Give again, exactly as they appear, only the lines from the one containing "this 1385×1847 image." through the last line of the material below.

+-------+

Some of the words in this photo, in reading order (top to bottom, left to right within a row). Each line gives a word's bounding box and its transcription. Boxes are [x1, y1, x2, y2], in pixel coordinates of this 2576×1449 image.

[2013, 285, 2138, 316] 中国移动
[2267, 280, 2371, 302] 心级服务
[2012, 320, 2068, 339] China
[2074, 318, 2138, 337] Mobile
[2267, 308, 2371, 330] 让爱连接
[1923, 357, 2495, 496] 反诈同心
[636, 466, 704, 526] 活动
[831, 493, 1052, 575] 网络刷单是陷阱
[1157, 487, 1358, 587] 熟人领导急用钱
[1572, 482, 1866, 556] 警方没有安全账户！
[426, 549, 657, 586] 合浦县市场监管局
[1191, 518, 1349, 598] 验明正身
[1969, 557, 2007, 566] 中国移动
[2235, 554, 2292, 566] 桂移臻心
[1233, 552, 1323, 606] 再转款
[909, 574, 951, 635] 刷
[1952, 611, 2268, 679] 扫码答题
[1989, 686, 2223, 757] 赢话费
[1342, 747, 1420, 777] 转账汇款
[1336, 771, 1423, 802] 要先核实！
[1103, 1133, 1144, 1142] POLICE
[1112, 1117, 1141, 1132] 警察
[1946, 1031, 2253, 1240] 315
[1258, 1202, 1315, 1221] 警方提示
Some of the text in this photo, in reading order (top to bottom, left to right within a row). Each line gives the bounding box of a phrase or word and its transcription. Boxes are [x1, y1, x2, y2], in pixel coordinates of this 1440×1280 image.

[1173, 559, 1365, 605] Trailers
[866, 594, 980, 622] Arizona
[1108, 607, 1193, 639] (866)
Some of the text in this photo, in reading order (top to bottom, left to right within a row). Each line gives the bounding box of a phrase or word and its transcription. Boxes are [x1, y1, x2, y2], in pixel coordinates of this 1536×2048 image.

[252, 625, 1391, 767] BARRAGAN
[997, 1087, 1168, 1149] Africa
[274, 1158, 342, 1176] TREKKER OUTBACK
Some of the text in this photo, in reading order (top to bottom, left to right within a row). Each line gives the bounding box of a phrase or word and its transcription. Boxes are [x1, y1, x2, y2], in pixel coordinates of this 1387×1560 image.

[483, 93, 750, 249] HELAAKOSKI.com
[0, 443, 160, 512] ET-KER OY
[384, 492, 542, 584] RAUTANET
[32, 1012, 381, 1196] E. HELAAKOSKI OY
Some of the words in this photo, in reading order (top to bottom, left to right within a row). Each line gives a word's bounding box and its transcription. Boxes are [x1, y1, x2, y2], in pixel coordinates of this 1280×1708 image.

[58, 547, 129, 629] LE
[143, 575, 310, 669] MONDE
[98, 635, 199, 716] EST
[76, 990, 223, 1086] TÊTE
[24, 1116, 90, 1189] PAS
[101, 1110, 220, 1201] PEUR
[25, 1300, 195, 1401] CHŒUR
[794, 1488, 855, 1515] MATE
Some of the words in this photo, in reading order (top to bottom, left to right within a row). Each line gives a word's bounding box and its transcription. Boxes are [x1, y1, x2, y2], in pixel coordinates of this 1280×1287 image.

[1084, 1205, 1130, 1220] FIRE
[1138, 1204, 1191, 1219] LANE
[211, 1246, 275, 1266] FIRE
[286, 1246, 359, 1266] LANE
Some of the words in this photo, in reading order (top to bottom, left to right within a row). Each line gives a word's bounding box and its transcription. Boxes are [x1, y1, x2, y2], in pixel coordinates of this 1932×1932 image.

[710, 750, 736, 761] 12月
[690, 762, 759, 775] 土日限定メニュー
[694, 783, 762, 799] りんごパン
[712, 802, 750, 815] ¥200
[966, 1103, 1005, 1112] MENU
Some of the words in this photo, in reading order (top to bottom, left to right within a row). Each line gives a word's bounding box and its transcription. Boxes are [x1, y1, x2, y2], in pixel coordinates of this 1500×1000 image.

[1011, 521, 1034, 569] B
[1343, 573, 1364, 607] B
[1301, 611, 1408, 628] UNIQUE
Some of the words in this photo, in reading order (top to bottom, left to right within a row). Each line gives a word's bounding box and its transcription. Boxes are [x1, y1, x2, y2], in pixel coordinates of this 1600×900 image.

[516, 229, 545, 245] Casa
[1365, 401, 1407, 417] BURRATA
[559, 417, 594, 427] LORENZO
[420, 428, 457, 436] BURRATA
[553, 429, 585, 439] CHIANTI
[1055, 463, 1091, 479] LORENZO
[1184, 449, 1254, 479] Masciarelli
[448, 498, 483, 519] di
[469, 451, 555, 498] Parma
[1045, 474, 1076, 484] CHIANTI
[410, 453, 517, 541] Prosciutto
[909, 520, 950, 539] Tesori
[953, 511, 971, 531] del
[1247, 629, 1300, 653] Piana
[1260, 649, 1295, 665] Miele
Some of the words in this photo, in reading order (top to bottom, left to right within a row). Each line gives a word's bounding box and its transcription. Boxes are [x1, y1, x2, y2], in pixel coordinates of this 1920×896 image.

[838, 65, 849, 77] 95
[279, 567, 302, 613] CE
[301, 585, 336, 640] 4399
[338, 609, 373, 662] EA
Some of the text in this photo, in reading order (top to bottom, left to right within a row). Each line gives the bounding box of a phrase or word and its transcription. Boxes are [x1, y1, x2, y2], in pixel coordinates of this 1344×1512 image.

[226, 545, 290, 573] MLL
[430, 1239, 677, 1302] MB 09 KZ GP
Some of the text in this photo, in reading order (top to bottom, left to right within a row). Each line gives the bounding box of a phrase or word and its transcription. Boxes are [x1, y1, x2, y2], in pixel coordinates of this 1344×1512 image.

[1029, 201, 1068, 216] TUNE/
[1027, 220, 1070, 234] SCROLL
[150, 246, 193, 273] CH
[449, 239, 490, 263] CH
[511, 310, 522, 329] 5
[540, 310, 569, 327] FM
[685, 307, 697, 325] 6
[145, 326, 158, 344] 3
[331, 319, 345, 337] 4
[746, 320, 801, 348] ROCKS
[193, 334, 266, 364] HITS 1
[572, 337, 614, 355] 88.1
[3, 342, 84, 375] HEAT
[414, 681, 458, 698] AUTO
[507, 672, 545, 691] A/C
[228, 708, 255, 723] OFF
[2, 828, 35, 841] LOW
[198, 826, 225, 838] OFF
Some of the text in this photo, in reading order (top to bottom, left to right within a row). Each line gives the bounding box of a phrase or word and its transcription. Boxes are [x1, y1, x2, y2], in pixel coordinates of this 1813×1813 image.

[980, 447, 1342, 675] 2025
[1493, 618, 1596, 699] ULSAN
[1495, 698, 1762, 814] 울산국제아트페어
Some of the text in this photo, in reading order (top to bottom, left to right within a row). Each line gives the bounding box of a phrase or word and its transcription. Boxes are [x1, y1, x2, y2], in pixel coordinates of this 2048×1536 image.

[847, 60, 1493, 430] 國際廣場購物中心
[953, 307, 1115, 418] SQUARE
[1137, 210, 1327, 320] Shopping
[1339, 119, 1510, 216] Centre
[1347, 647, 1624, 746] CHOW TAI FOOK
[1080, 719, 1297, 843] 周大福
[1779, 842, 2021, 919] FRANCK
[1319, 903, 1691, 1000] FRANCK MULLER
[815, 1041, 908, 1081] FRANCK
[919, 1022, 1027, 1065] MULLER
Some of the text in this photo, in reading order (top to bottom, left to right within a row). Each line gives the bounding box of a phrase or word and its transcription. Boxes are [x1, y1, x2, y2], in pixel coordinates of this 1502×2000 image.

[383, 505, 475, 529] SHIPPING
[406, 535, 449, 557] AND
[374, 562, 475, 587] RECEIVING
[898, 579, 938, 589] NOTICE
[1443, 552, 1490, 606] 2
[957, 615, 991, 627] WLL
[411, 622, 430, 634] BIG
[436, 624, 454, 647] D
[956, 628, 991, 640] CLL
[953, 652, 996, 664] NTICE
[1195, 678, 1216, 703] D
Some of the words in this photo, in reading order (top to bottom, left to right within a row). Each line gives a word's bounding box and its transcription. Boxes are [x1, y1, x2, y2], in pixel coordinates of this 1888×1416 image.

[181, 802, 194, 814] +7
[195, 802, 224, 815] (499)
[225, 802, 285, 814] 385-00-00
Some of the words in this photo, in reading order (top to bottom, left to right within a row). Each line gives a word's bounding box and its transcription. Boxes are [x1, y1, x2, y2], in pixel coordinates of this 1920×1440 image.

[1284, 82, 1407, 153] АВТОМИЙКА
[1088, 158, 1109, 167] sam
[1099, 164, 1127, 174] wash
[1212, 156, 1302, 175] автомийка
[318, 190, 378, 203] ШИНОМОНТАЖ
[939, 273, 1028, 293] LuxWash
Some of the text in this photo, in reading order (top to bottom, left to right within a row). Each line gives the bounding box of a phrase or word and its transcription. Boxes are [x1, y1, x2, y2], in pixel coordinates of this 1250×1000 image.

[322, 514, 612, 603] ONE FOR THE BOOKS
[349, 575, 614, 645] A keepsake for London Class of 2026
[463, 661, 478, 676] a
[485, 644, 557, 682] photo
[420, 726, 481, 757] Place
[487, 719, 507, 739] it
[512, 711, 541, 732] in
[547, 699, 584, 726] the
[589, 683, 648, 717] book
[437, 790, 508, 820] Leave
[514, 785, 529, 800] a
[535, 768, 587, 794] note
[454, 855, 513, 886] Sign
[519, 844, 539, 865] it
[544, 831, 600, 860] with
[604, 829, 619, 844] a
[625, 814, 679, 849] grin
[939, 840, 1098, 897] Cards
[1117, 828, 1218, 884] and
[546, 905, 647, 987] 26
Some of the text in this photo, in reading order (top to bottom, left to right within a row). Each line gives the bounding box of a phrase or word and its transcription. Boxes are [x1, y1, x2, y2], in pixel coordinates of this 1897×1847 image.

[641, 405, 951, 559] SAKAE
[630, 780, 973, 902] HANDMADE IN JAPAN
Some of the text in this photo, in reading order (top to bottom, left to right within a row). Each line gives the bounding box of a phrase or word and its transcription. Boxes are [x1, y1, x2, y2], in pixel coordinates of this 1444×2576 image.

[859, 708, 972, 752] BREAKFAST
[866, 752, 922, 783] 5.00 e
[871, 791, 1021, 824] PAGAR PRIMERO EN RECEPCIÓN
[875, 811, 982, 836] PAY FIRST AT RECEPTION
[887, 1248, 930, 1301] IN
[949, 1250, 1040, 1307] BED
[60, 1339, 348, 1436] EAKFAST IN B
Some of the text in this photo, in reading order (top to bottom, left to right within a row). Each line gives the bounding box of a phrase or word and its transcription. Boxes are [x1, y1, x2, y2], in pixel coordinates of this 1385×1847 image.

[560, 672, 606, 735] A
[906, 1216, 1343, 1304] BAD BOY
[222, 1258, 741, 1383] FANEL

+-------+

▶ [Problem solution]:
Some of the text in this photo, in reading order (top to bottom, left to right within a row). Each line gives the bounding box of a phrase or word and its transcription. Boxes are [x1, y1, x2, y2], in pixel coordinates of this 1385×1847 image.

[560, 672, 606, 735] A
[906, 1216, 1343, 1304] BAD BOY
[222, 1258, 741, 1383] FANEL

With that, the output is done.